Your answer must be an exact copy of the data below, minus any pictures.

___

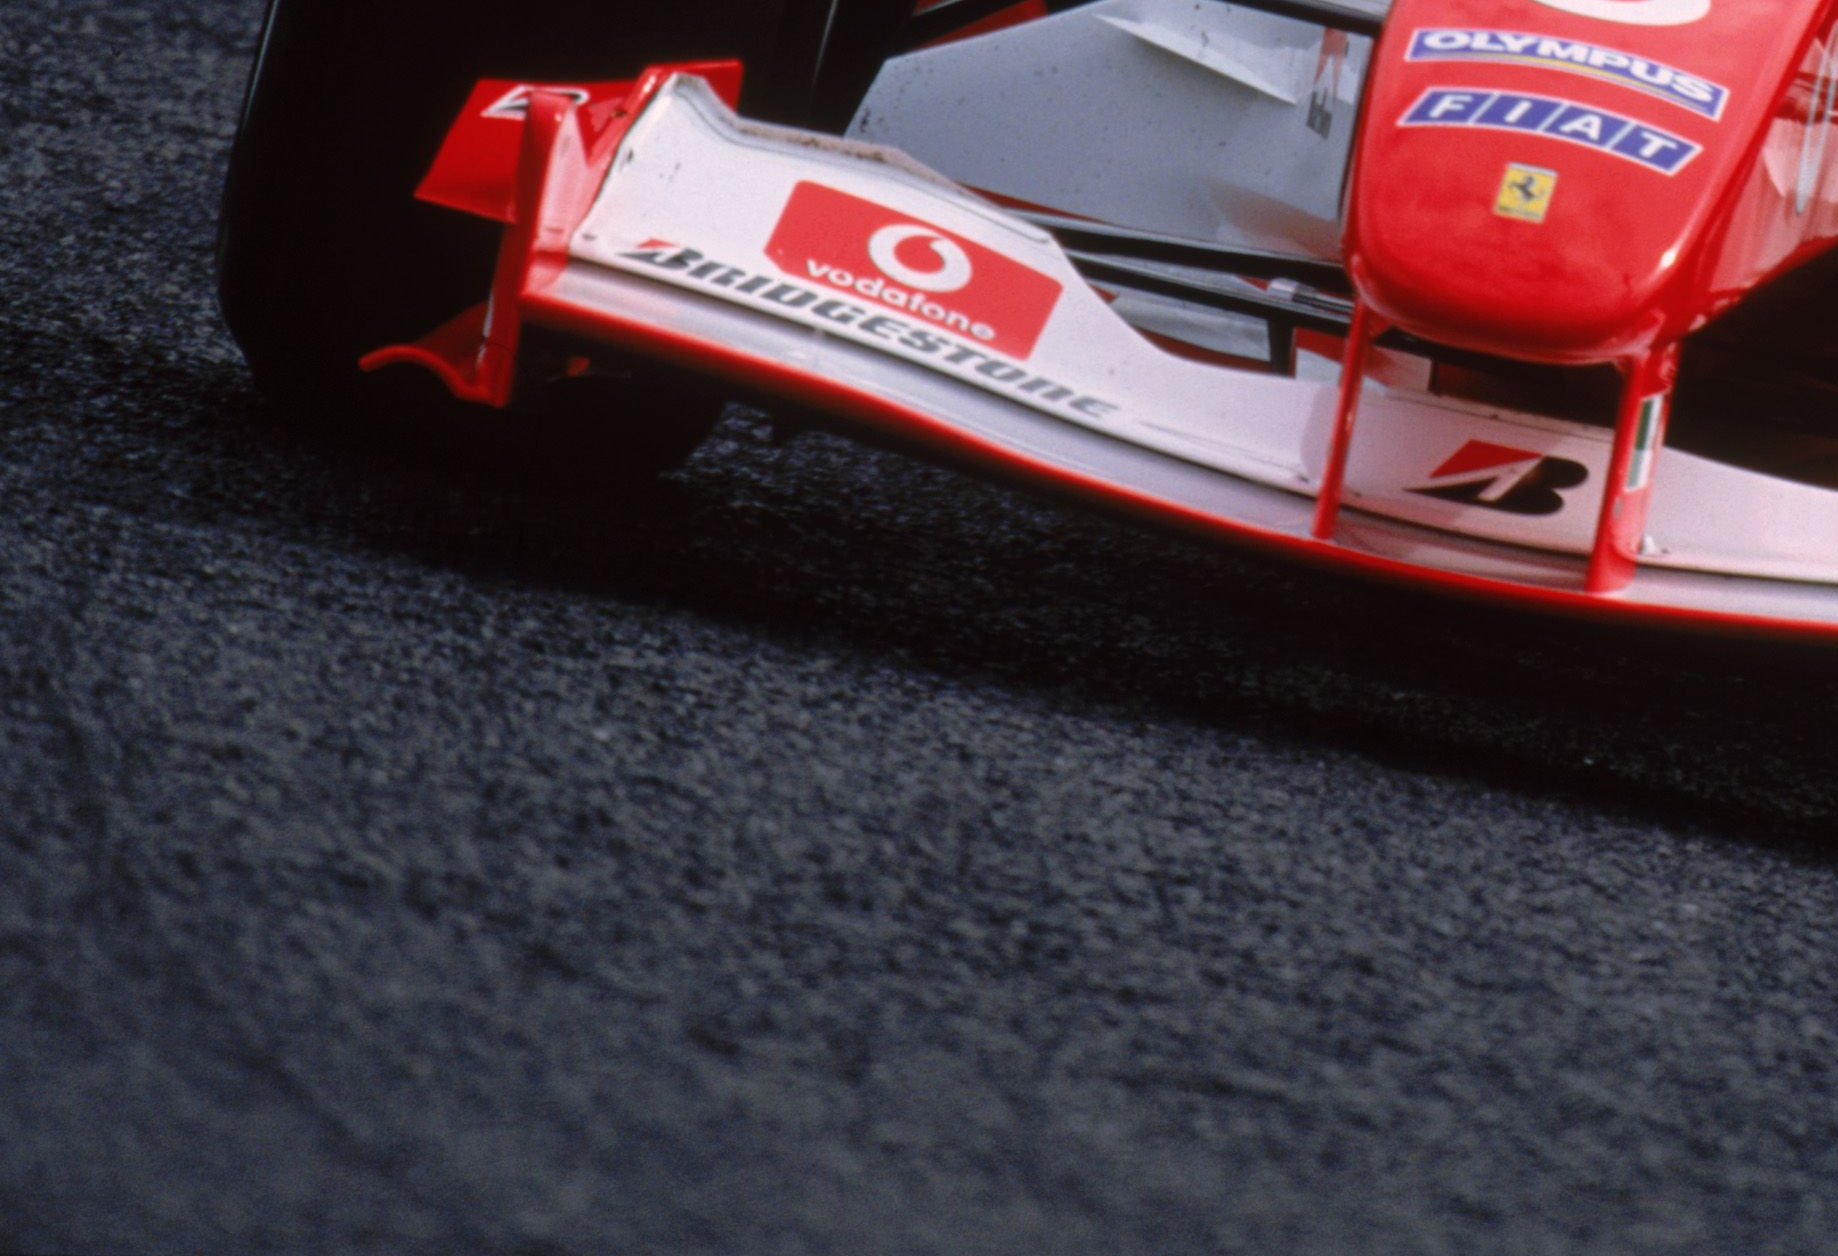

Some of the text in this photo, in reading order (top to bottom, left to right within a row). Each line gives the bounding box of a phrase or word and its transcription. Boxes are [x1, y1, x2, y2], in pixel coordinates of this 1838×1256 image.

[1423, 31, 1714, 102] OLYMPUS
[1428, 94, 1678, 158] FIAT
[617, 238, 1119, 418] BRIDGESTONE
[806, 258, 995, 341] vodafone
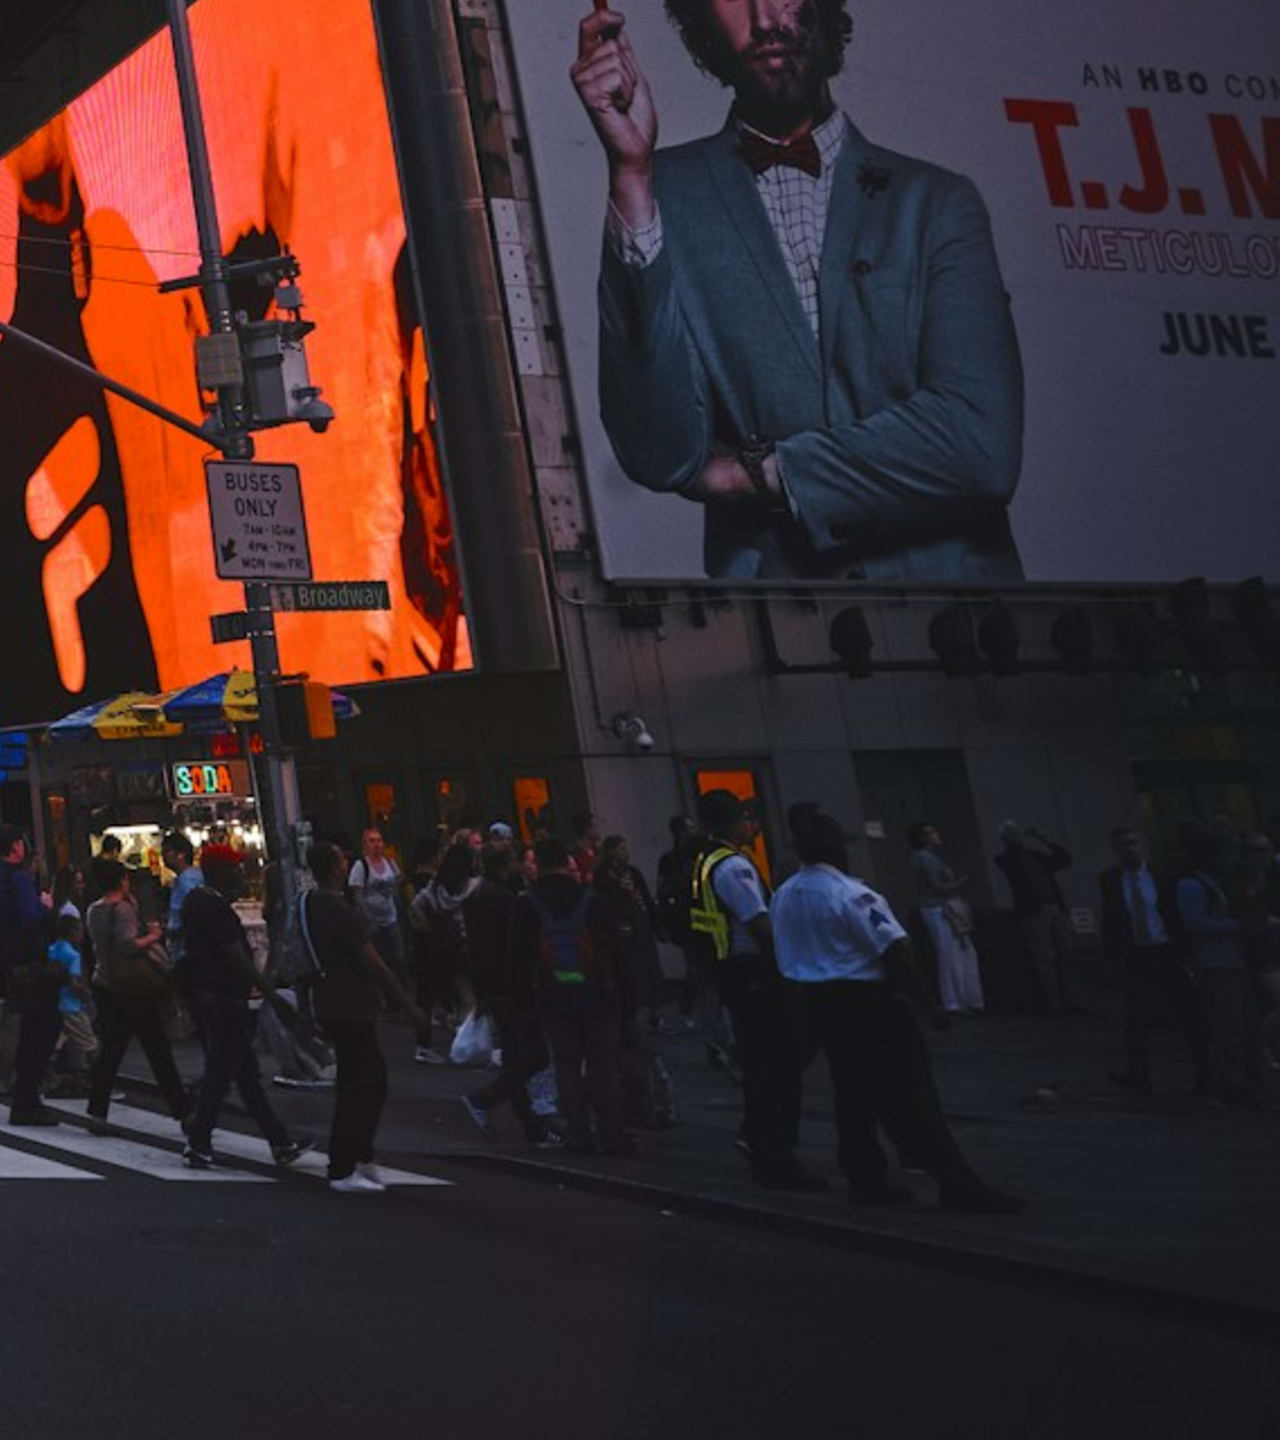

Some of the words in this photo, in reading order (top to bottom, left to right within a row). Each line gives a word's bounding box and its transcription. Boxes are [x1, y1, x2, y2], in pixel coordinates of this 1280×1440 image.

___

#### [Answer to the exercise]
Some of the text in this photo, in reading order (top to bottom, left to right within a row). Each line gives the bounding box of a phrase or word and its transcription. Boxes are [x1, y1, x2, y2], in pixel coordinates of this 1838×1256 image.

[1423, 31, 1714, 102] OLYMPUS
[1428, 94, 1678, 158] FIAT
[617, 238, 1119, 418] BRIDGESTONE
[806, 258, 995, 341] vodafone

Some of the words in this photo, in reading order (top to bottom, left to right within a row). Each line gives a word's bounding box and its transcription. Boxes are [x1, y1, x2, y2], in pixel coordinates of this 1280×1440 image.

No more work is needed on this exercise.